(Work to complete):
Would you repeat the listing below exactly, with no pictures in it?

(Dataset excerpts):

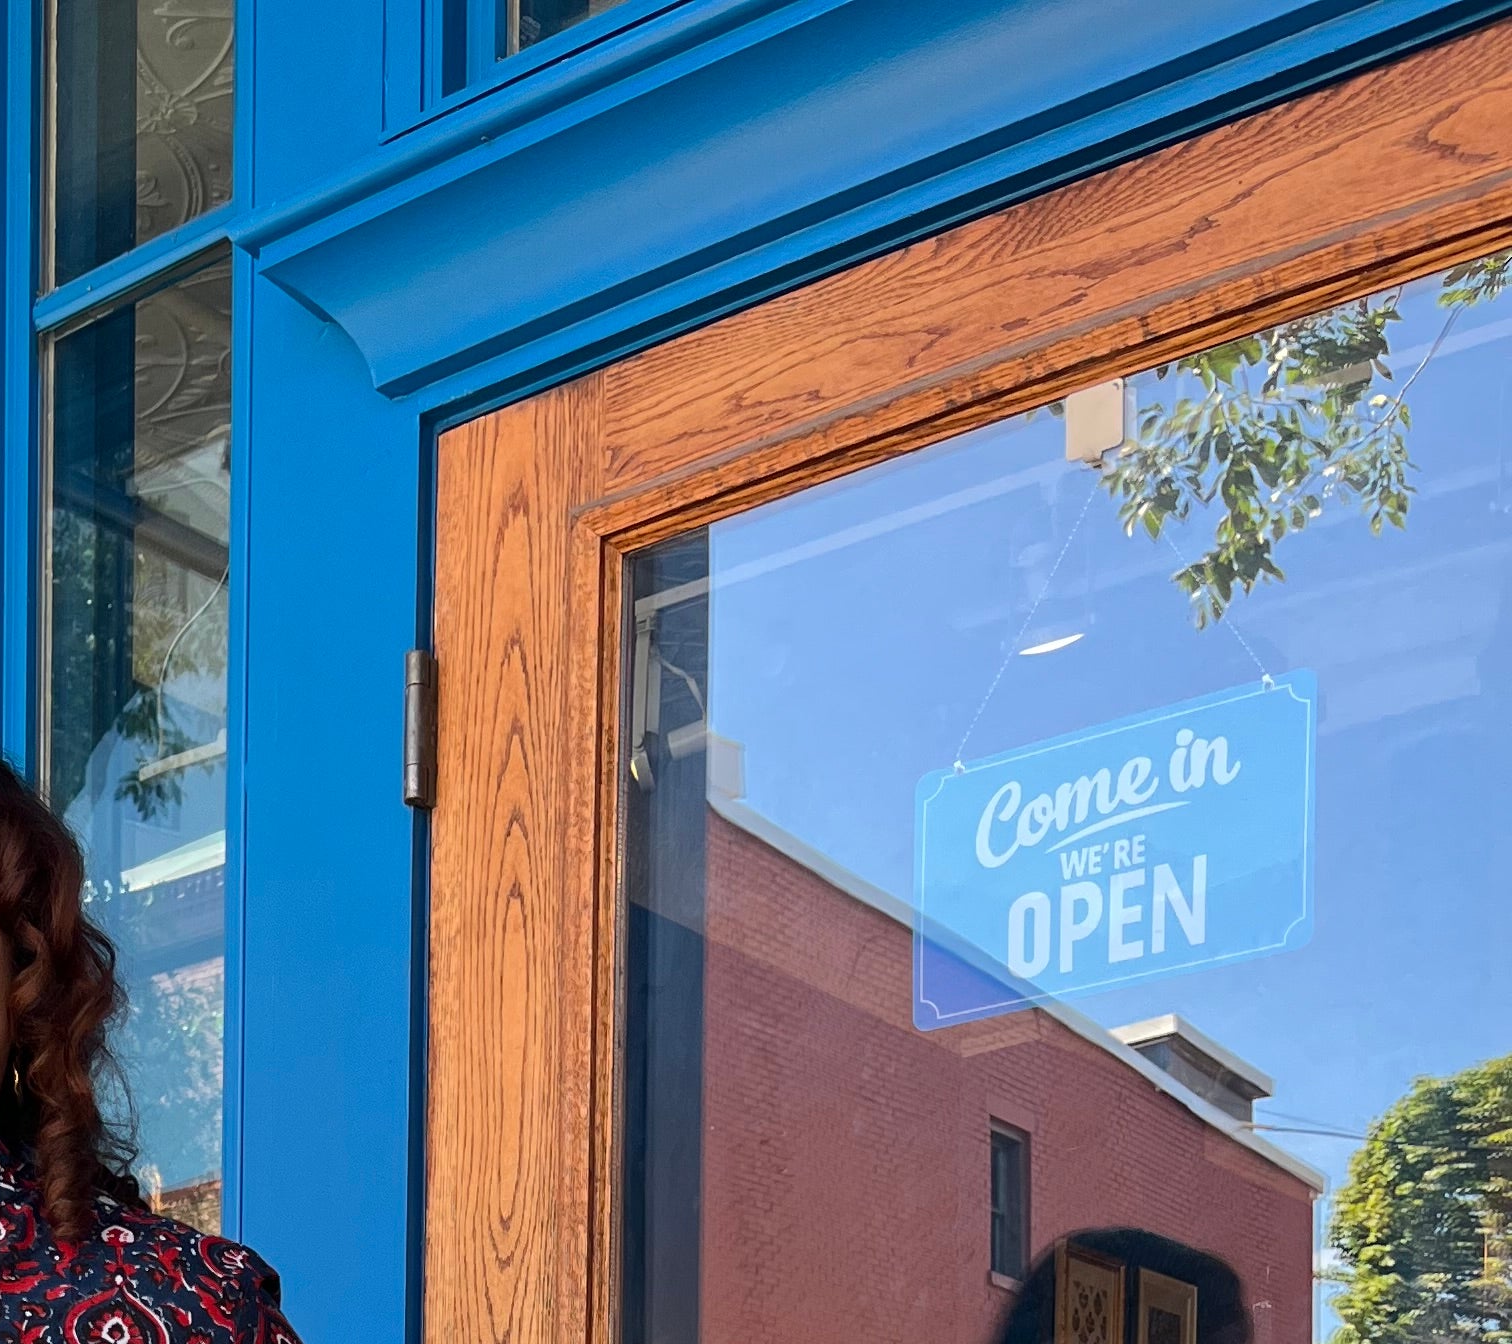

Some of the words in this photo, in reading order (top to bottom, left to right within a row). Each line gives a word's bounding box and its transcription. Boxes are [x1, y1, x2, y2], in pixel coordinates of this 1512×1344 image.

[975, 755, 1159, 869] Come
[1169, 728, 1241, 793] in
[1060, 834, 1146, 880] WE'RE
[1007, 854, 1208, 979] OPEN

(Answer to this task):
Some of the words in this photo, in reading order (top to bottom, left to right within a row). Each line gives a word's bounding box and its transcription. Boxes are [x1, y1, x2, y2], in pixel coordinates of this 1512×1344 image.

[975, 755, 1159, 869] Come
[1169, 728, 1241, 793] in
[1060, 834, 1146, 880] WE'RE
[1007, 854, 1208, 979] OPEN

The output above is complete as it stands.